## WORK TASK:
Print each record exactly as it appears, but drop the images.

START DATA UNDER STUDY

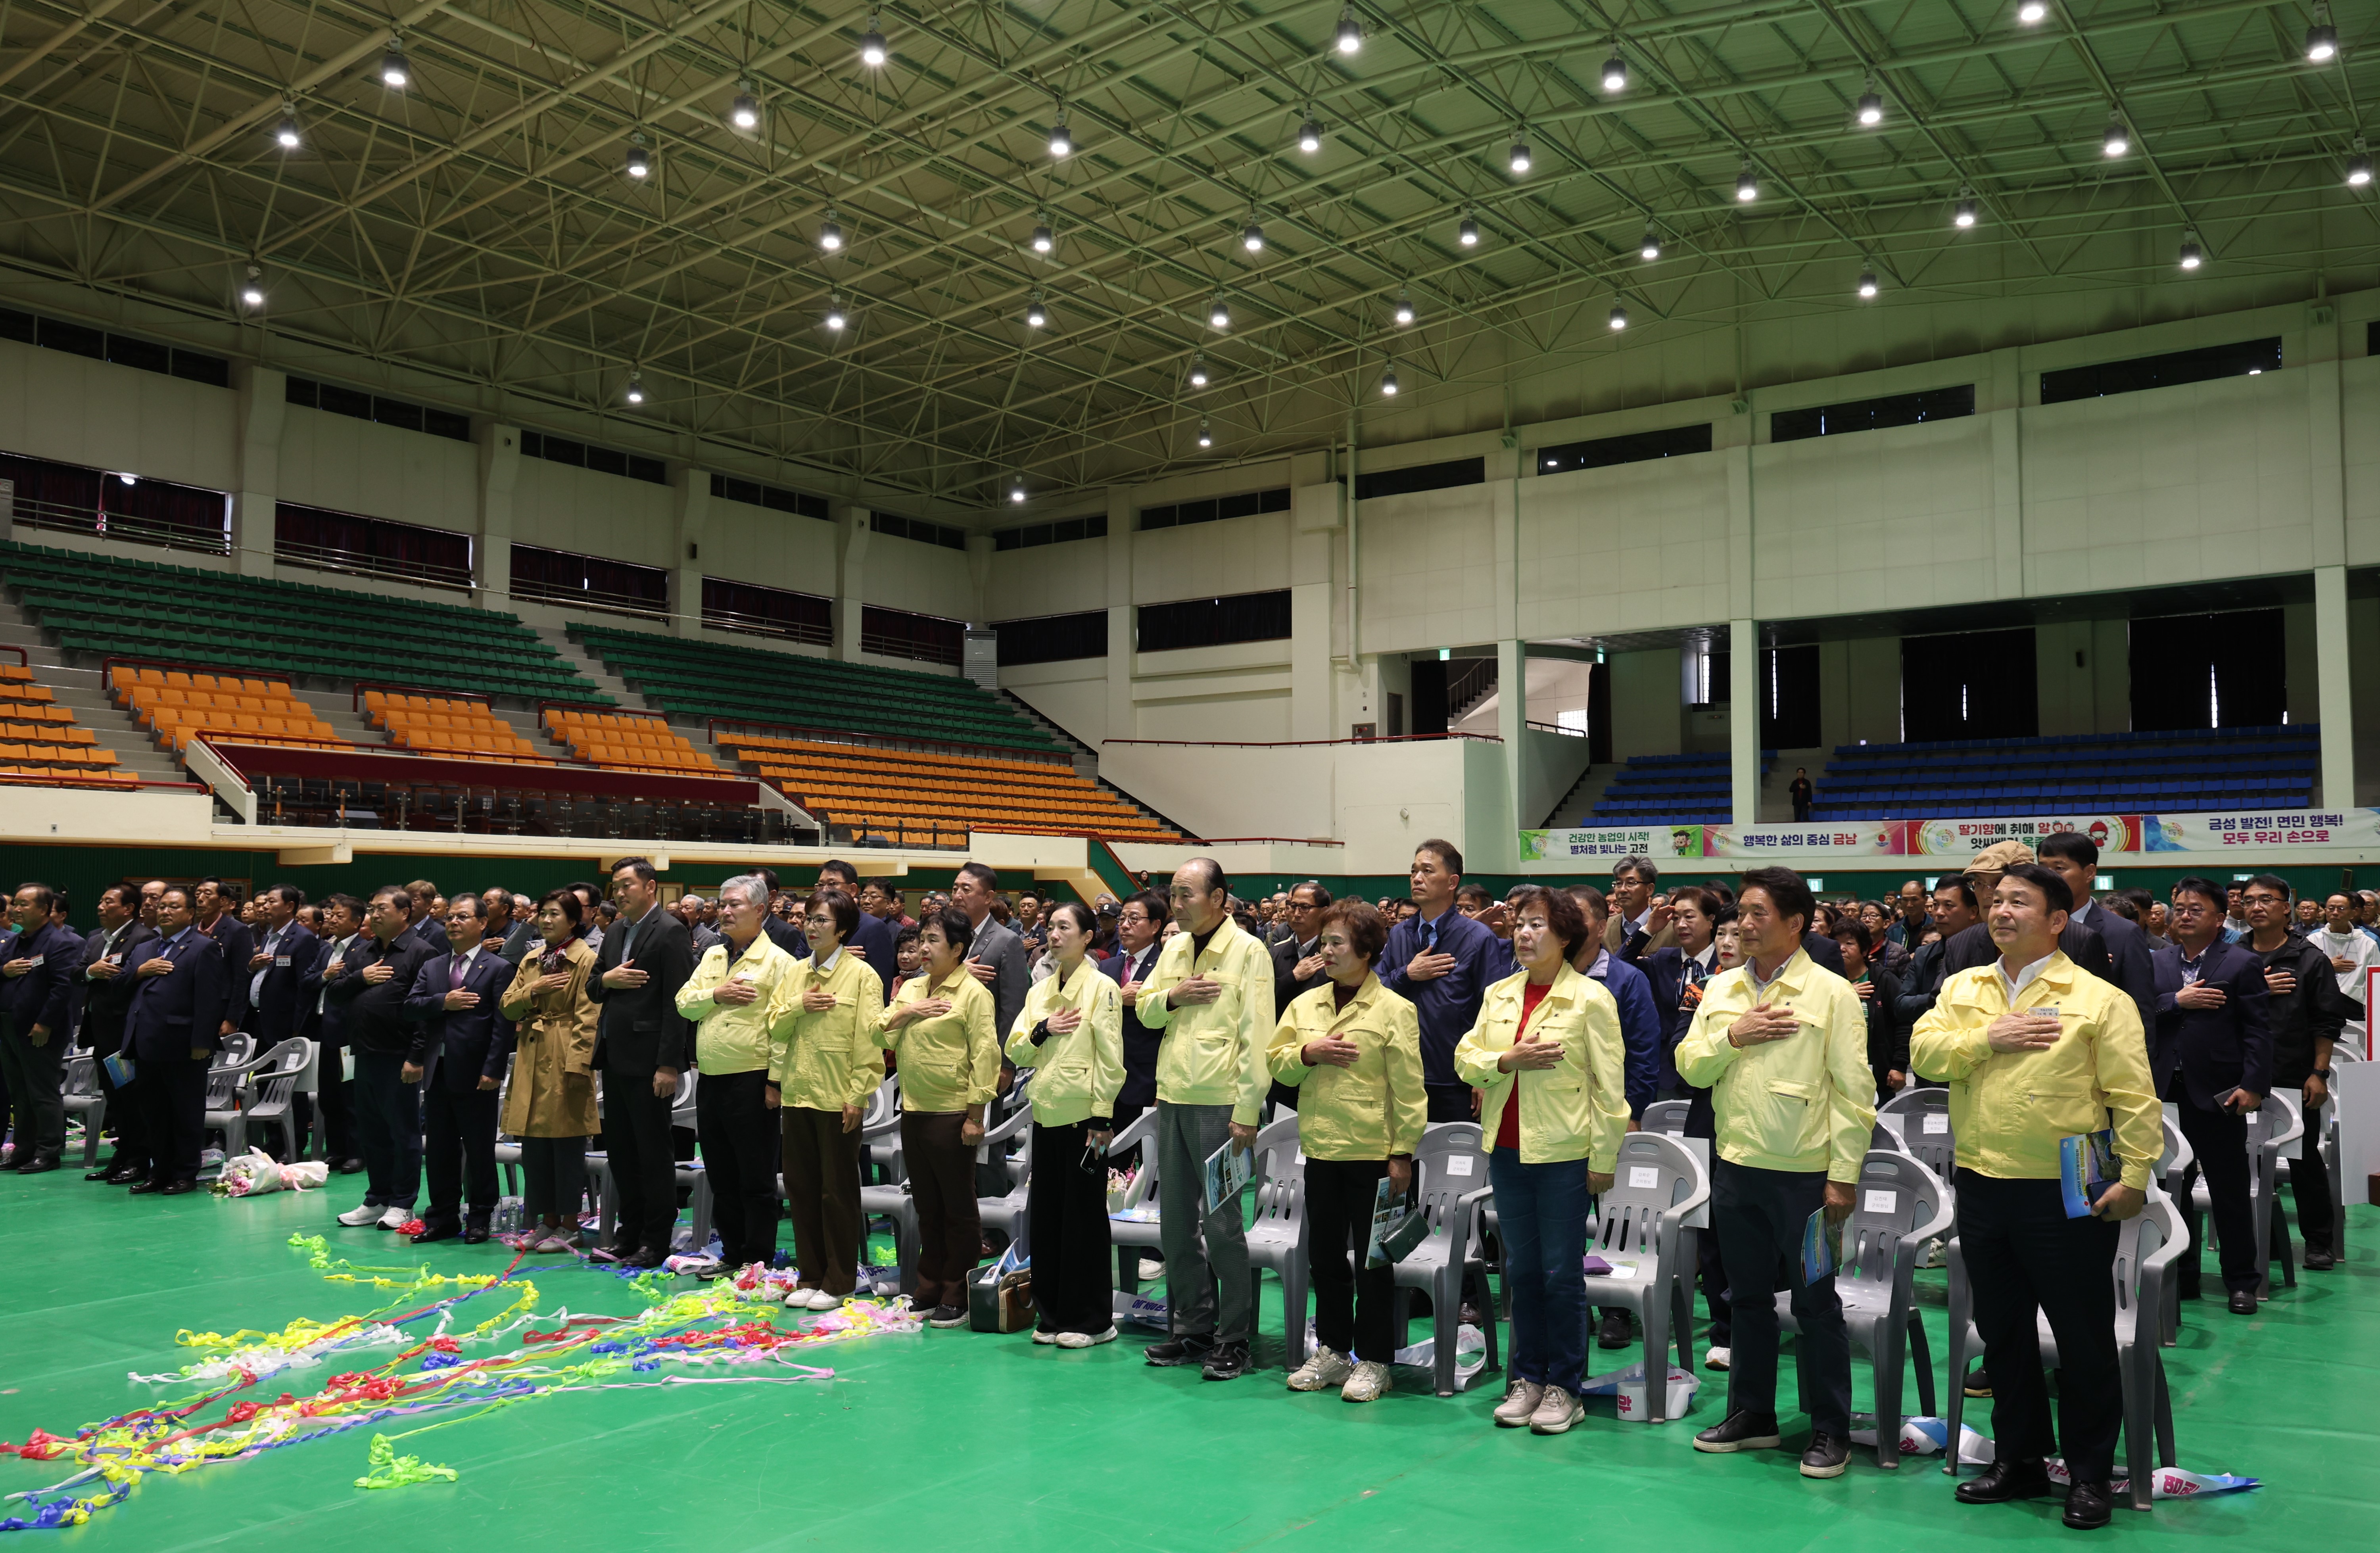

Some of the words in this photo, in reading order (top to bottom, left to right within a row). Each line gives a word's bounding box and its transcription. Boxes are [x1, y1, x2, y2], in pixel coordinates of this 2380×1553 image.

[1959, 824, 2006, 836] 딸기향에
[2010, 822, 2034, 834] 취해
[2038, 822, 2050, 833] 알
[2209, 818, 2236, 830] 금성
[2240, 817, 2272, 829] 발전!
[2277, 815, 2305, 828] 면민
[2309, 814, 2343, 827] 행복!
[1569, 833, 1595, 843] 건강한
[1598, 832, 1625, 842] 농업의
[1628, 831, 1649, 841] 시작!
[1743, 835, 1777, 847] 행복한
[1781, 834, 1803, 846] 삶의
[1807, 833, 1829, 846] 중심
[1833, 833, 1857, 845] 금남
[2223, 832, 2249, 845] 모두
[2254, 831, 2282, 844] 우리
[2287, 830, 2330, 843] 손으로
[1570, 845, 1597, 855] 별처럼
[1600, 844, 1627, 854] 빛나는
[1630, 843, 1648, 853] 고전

END DATA UNDER STUDY

## TASK ANSWER:
Some of the words in this photo, in reading order (top to bottom, left to right within a row). Each line gives a word's bounding box and its transcription. Boxes are [x1, y1, x2, y2], in pixel coordinates of this 2380×1553 image.

[1959, 824, 2006, 836] 딸기향에
[2010, 822, 2034, 834] 취해
[2038, 822, 2050, 833] 알
[2209, 818, 2236, 830] 금성
[2240, 817, 2272, 829] 발전!
[2277, 815, 2305, 828] 면민
[2309, 814, 2343, 827] 행복!
[1569, 833, 1595, 843] 건강한
[1598, 832, 1625, 842] 농업의
[1628, 831, 1649, 841] 시작!
[1743, 835, 1777, 847] 행복한
[1781, 834, 1803, 846] 삶의
[1807, 833, 1829, 846] 중심
[1833, 833, 1857, 845] 금남
[2223, 832, 2249, 845] 모두
[2254, 831, 2282, 844] 우리
[2287, 830, 2330, 843] 손으로
[1570, 845, 1597, 855] 별처럼
[1600, 844, 1627, 854] 빛나는
[1630, 843, 1648, 853] 고전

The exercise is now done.